Funny thing about the intersection of tort and law and economics. For decades this school of thought has been ascendant in scholarship and intellectual understandings of this field, as it has throughout private law generally. No one can teach or write competently about torts without giving thought to law and economics fundamentals like cost-benefit analysis, cost as a social problem, the cheapest cost avoider, default rules, incentives, and wealth maximization.  On the one hand.

On the other hand, American tort law as practiced will stick a thumb in the eye of law and economics. Rather than defer to familiar microeconomics tenets taught in classrooms and quoted for truth in law reviews, it often refuses to learn the curriculum, disrupts order, and even refutes a few basics by not cooperating with their premises. It is worth cataloguing a few examples of these resistances:

1. Scarcity? What Scarcity? Law and economics teaches us that we can’t spend the same dollar on both guns and butter or, as a student microecon text tut-tuts, “You cannot decide to allocate 10 hours a day to sleeping, 5 hours to studying, and 10 hours to hanging out with friends because you do not have 25 hours available.” Maybe not—but some people enjoy a Torts goodie they cannot afford: the opportunity to prosecute their personal injury claims without paying a lawyer for the work they need.

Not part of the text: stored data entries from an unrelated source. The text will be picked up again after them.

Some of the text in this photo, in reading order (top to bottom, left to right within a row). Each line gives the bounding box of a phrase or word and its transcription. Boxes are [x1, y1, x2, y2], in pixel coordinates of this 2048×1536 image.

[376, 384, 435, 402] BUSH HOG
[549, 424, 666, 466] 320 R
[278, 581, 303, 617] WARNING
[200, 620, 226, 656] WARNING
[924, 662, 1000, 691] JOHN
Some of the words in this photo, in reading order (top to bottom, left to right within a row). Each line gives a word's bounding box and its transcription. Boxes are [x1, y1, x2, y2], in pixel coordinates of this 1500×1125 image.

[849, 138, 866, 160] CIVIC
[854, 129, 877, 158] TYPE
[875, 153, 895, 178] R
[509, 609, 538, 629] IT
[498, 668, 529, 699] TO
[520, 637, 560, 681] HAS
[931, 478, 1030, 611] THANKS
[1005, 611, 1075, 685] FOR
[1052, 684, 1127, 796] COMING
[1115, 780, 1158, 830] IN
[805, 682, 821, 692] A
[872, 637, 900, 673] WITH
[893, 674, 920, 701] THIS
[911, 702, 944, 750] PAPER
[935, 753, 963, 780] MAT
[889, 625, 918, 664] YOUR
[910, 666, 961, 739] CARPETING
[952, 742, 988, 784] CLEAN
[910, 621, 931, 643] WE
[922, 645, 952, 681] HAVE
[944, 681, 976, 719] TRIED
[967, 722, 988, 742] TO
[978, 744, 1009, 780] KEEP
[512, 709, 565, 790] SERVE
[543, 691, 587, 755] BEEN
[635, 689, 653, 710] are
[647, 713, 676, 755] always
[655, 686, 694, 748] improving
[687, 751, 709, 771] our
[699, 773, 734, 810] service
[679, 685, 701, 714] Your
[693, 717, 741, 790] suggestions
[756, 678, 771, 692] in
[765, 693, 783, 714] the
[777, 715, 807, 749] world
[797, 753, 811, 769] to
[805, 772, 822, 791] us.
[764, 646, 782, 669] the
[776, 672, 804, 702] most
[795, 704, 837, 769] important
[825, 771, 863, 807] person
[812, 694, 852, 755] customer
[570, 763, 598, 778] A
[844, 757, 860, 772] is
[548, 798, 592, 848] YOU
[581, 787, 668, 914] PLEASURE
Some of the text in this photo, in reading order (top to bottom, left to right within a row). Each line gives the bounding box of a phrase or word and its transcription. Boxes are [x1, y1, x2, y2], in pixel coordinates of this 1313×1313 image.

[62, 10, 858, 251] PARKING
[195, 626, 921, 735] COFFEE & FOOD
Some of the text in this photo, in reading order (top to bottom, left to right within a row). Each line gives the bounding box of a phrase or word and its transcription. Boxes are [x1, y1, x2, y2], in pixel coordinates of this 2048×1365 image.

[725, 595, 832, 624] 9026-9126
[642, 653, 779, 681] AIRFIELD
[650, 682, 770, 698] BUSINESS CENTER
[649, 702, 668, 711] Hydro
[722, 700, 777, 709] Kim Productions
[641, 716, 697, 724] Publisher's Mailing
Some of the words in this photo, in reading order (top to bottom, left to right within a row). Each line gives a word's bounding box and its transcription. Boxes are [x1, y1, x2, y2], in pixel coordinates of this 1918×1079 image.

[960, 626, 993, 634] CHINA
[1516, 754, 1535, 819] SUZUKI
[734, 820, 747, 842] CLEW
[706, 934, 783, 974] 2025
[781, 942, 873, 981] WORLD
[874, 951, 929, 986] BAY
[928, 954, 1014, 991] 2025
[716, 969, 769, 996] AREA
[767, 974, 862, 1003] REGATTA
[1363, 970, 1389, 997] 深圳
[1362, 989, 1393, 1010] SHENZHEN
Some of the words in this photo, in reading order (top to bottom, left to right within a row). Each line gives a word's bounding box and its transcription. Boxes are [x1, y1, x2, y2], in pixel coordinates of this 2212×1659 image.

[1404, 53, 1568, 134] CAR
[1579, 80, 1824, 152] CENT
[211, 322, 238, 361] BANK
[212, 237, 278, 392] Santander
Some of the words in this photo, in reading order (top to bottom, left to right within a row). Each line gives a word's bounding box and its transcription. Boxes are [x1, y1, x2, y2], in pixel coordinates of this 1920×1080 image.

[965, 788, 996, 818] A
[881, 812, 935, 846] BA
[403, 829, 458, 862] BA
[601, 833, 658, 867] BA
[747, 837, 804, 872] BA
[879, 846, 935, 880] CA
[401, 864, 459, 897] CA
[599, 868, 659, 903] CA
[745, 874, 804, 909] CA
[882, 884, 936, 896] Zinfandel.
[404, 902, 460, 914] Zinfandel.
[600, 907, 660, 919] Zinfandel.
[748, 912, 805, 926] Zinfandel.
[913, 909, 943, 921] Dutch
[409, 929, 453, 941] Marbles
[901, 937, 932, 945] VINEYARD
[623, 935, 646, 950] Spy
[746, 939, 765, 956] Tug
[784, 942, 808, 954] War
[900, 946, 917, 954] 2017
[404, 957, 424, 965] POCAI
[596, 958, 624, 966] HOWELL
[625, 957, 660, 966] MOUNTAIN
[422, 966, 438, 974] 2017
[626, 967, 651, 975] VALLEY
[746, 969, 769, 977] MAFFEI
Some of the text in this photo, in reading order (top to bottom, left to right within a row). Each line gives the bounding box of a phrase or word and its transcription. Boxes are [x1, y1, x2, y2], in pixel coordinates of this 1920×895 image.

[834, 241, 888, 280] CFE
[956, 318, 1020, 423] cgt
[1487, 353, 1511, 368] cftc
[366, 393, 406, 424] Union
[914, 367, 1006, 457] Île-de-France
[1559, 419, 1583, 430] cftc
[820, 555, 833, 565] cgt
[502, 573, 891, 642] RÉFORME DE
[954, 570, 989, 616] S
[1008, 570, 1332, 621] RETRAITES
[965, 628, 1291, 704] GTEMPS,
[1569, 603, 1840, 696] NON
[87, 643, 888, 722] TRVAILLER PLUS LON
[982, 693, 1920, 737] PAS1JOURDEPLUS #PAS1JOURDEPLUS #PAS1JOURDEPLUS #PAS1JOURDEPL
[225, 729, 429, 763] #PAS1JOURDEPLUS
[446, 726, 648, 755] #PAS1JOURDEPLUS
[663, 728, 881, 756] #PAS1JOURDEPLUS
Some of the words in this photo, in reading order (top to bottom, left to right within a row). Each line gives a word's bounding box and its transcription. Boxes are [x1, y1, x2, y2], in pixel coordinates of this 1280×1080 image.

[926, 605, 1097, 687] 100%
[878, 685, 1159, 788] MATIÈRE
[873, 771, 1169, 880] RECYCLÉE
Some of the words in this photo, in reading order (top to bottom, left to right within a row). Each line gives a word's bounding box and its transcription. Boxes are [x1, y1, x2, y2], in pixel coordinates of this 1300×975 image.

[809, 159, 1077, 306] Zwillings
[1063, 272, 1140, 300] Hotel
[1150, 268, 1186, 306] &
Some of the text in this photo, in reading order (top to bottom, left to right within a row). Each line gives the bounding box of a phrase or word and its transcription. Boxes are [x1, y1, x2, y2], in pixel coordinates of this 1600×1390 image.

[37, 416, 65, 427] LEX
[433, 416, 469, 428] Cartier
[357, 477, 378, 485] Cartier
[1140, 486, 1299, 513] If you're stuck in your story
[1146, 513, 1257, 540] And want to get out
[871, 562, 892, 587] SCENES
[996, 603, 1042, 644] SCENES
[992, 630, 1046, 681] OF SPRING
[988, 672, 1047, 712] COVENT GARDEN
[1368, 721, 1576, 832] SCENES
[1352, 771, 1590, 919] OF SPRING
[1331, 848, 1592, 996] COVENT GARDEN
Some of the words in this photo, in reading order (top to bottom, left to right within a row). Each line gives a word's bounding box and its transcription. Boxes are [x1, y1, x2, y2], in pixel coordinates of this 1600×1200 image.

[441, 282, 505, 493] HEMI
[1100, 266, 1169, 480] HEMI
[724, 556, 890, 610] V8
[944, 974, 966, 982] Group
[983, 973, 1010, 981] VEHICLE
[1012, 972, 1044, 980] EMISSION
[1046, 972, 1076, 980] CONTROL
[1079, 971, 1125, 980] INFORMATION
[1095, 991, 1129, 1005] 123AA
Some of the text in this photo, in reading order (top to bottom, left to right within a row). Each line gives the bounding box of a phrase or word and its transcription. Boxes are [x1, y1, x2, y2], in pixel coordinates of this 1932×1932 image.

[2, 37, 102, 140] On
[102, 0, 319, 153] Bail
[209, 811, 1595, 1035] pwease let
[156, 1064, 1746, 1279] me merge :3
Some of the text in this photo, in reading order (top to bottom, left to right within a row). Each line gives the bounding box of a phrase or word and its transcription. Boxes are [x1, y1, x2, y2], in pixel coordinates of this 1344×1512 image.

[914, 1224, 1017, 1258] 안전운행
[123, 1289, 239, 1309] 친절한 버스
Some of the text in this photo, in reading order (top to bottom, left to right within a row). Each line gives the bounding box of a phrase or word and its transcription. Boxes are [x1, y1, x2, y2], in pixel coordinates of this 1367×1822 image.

Plenty of people acquire what they cannot afford, of course, as mountainous consumer debt and the wreckage of well-known retail businesses acquired and destroyed in leveraged buyouts attest. But the contingent fee is unique in how genuinely “free” it is to plaintiff clients. In a standard fee arrangement, these persons do not borrow money. If they choose the alternative of litigation finance (for example, from a well-known business named Bridgeway) they do acquire a debt, but not to pay for the legal services and redress opportunity they receive. Instead, they gain a cash advance up front that they have to repay only if their claim succeeds.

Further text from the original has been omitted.